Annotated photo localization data

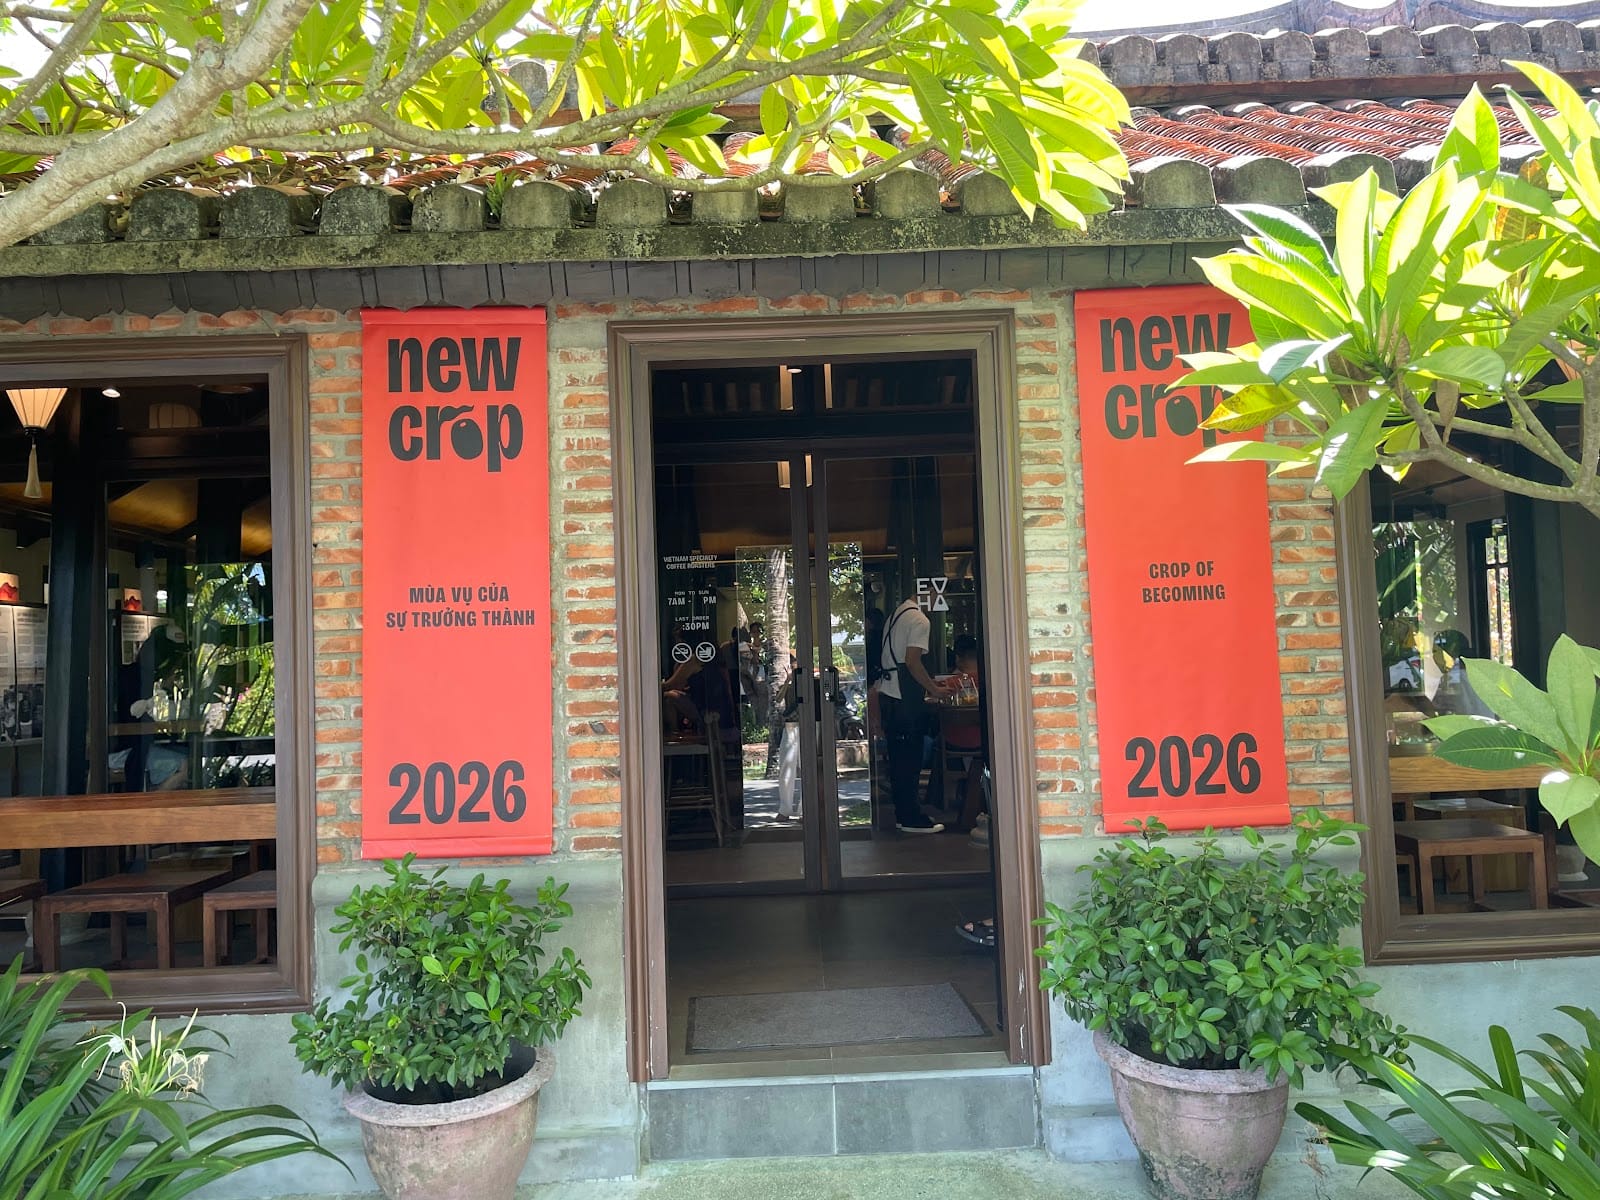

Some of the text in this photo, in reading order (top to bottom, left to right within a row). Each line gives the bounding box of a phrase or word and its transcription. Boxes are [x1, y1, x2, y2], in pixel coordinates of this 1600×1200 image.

[1100, 313, 1232, 373] new
[388, 337, 522, 393] new
[389, 404, 523, 473] crop
[663, 554, 718, 563] VIETNAM SPECIALTY
[1150, 560, 1215, 579] CROP OF
[409, 583, 509, 605] MÙA VỤ CỦA
[667, 597, 686, 606] 7AM
[703, 596, 717, 604] PM
[1143, 585, 1226, 603] BECOMING
[386, 607, 535, 631] SỰ TRƯỞNG THÀNH
[1126, 733, 1262, 798] 2026
[389, 761, 527, 825] 2026
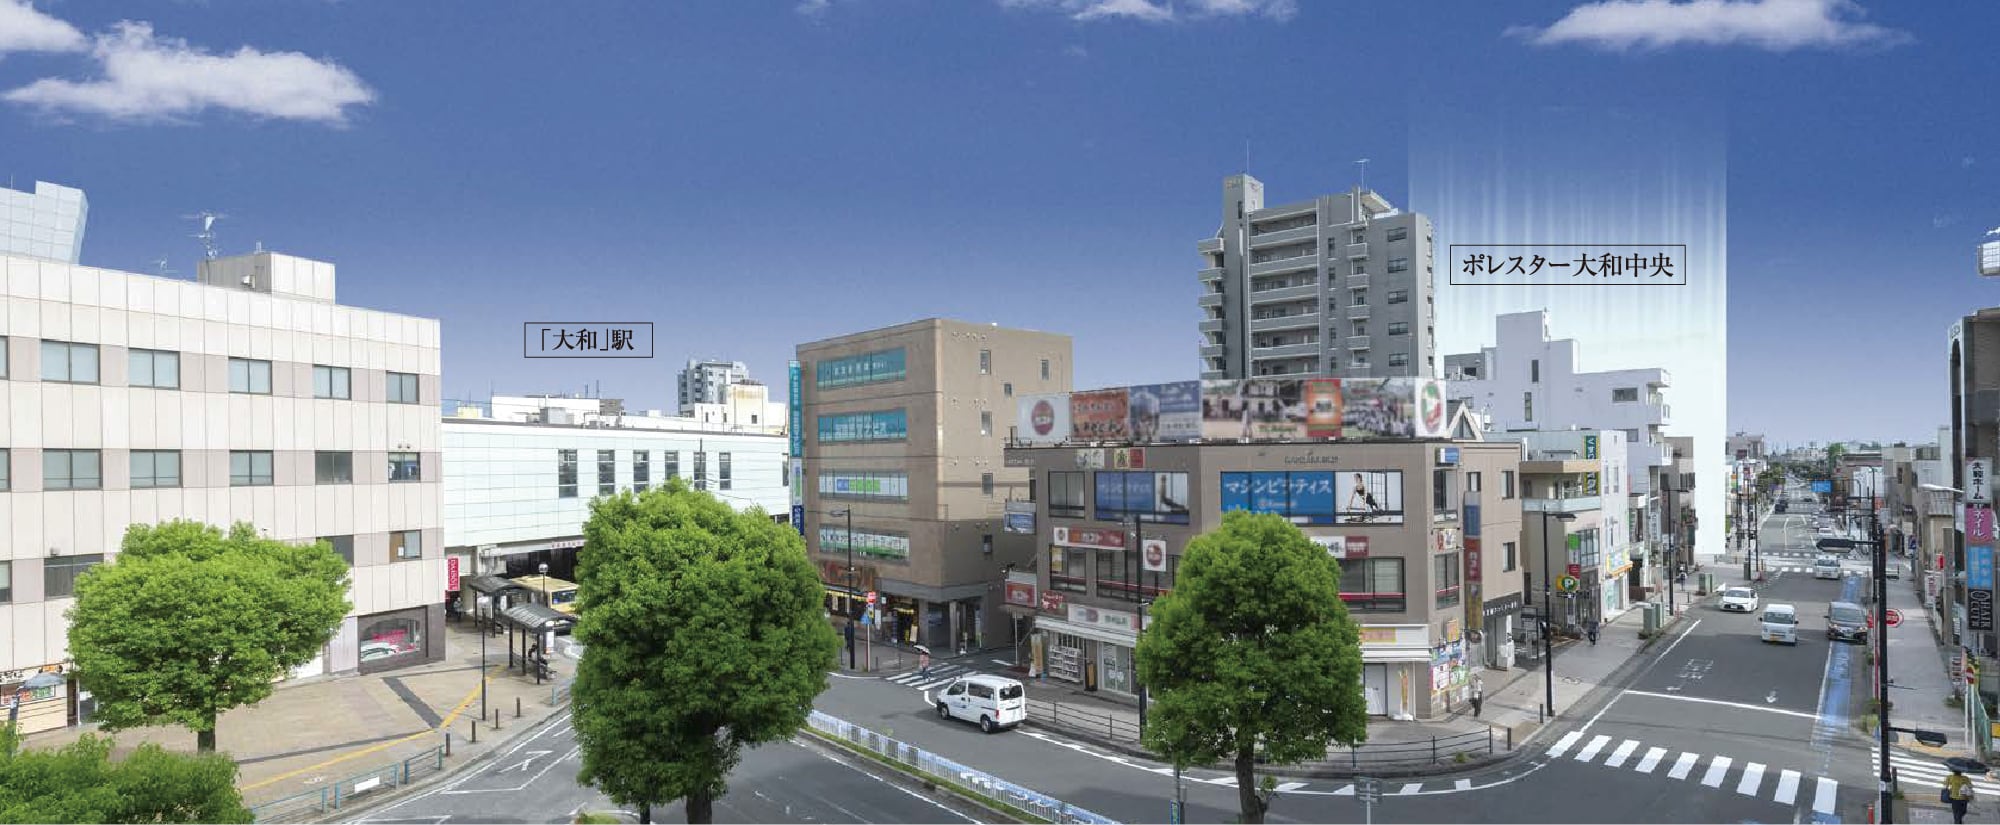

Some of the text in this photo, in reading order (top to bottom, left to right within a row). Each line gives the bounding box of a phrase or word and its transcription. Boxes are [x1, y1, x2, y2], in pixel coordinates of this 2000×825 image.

[1225, 478, 1332, 495] マシンピラティス

Task to carry out
Repeat the data above exactly, leaving out any pictures it holds.

Your solution
Some of the text in this photo, in reading order (top to bottom, left to right within a row). Each line gives the bounding box of a phrase or word and its transcription. Boxes are [x1, y1, x2, y2], in pixel coordinates of this 1600×1200 image.

[1100, 313, 1232, 373] new
[388, 337, 522, 393] new
[389, 404, 523, 473] crop
[663, 554, 718, 563] VIETNAM SPECIALTY
[1150, 560, 1215, 579] CROP OF
[409, 583, 509, 605] MÙA VỤ CỦA
[667, 597, 686, 606] 7AM
[703, 596, 717, 604] PM
[1143, 585, 1226, 603] BECOMING
[386, 607, 535, 631] SỰ TRƯỞNG THÀNH
[1126, 733, 1262, 798] 2026
[389, 761, 527, 825] 2026

Some of the text in this photo, in reading order (top to bottom, left to right within a row). Each line gives the bounding box of a phrase or word and its transcription. Boxes are [x1, y1, x2, y2], in pixel coordinates of this 2000×825 image.

[1225, 478, 1332, 495] マシンピラティス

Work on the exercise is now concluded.